____ Material to process
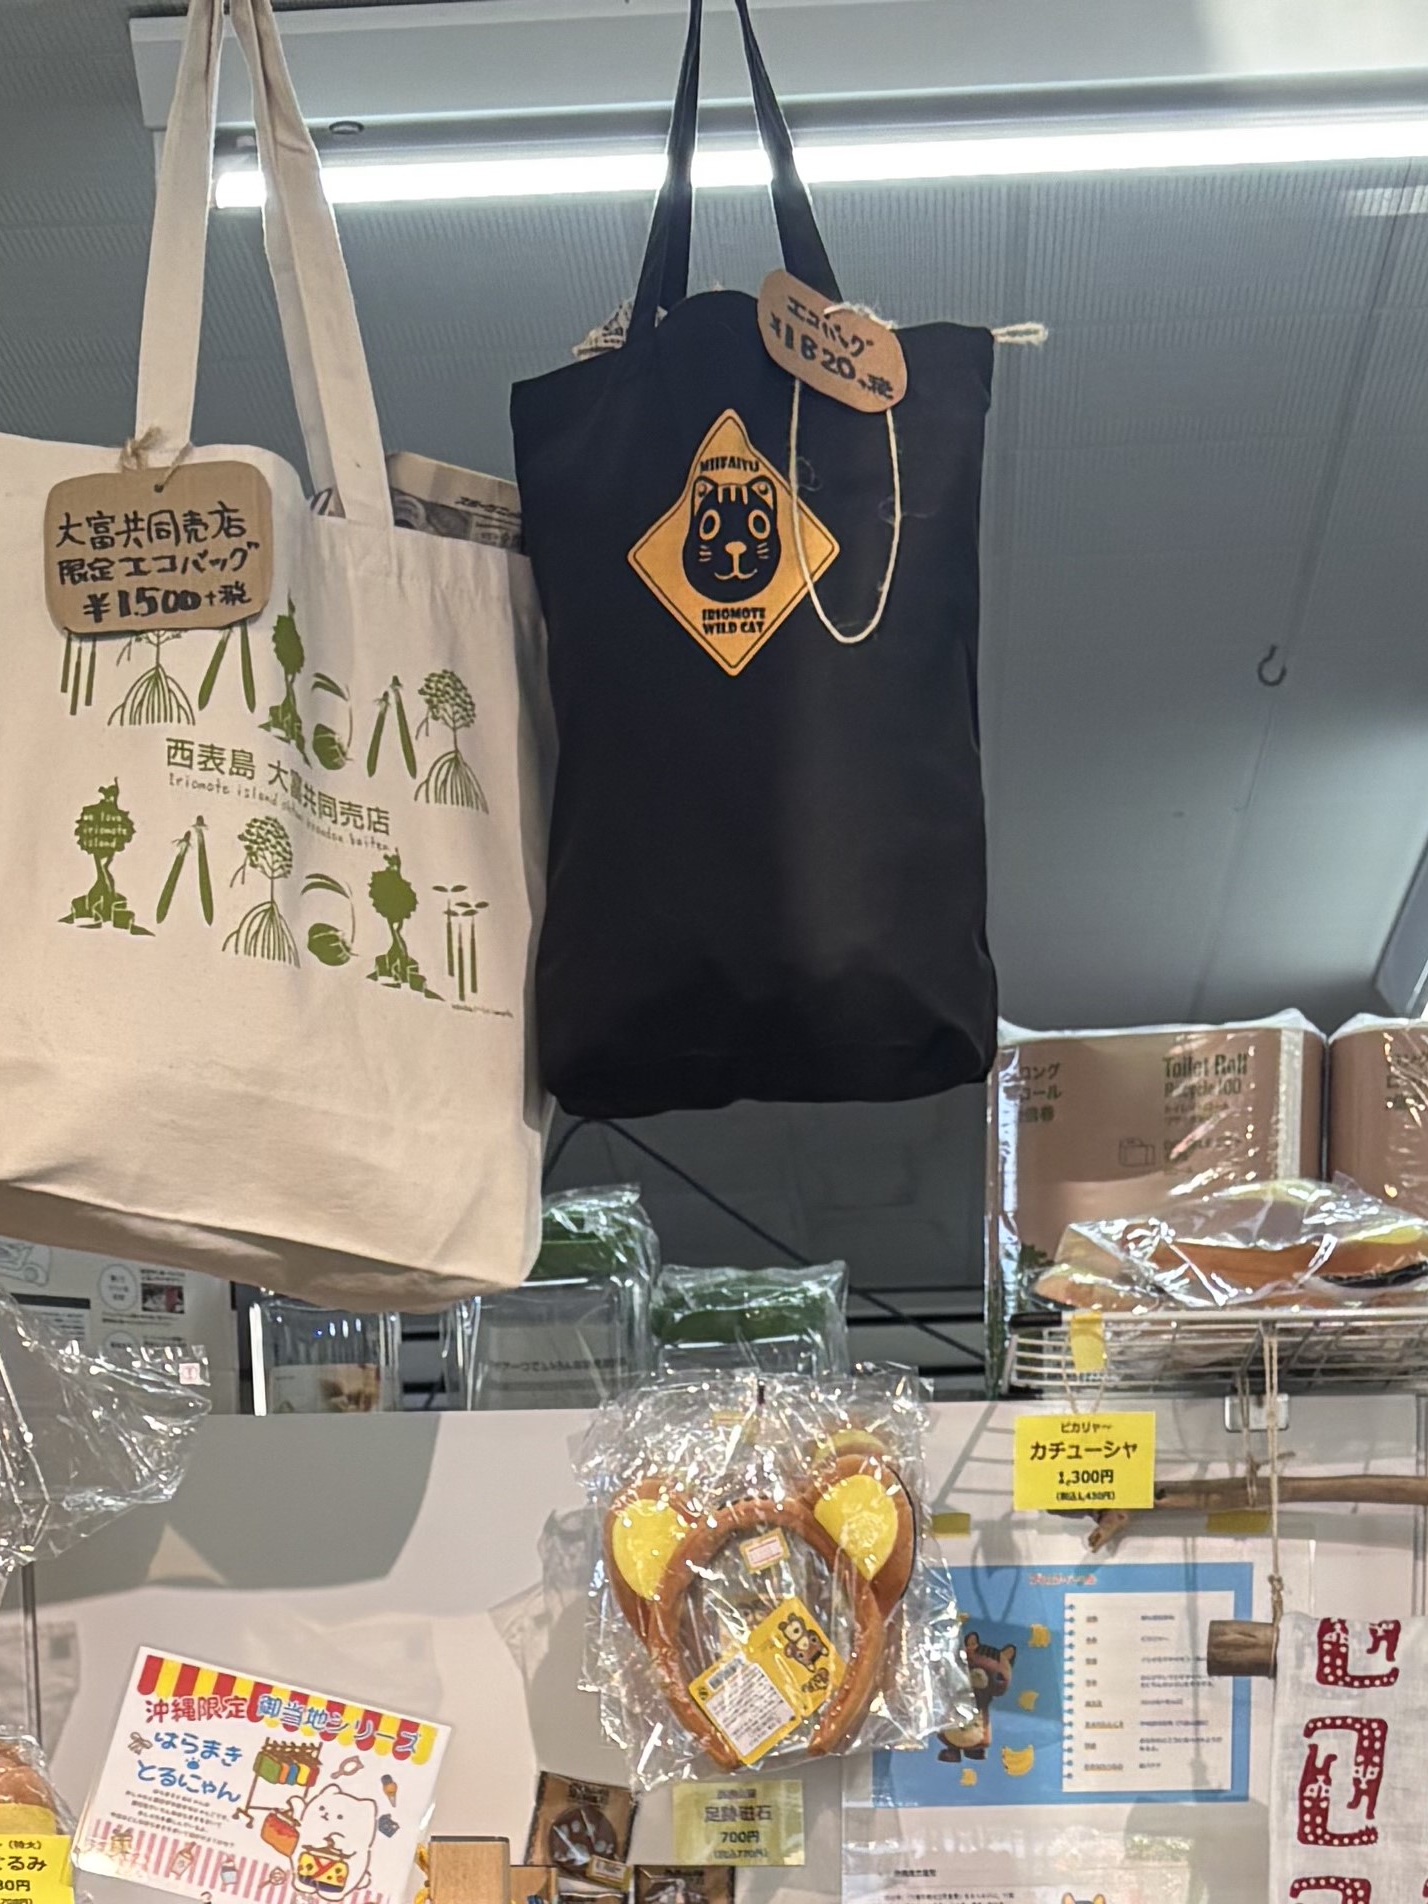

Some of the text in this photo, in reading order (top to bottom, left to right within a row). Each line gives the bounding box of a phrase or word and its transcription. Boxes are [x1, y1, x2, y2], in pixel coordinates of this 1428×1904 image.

[58, 500, 248, 551] 大富共同売店
[57, 541, 260, 586] 限定エコバッグ
[702, 607, 766, 621] IRIOMOTE
[702, 621, 765, 635] WILD CAT
[165, 737, 390, 837] 西表島 大富共同売店
[1057, 1469, 1114, 1486] 1,300円
[146, 1695, 422, 1754] 沖縄限定 御当地シリーズ
[154, 1732, 243, 1767] はらまき
[138, 1760, 241, 1803] とるにゃん
[720, 1830, 760, 1843] 700円
________
* [Your assignment]
Retype the data above in full, exactly as it stands, and skip any image.

* [Exercise solution]
Some of the text in this photo, in reading order (top to bottom, left to right within a row). Each line gives the bounding box of a phrase or word and its transcription. Boxes are [x1, y1, x2, y2], in pixel coordinates of this 1428×1904 image.

[58, 500, 248, 551] 大富共同売店
[57, 541, 260, 586] 限定エコバッグ
[702, 607, 766, 621] IRIOMOTE
[702, 621, 765, 635] WILD CAT
[165, 737, 390, 837] 西表島 大富共同売店
[1057, 1469, 1114, 1486] 1,300円
[146, 1695, 422, 1754] 沖縄限定 御当地シリーズ
[154, 1732, 243, 1767] はらまき
[138, 1760, 241, 1803] とるにゃん
[720, 1830, 760, 1843] 700円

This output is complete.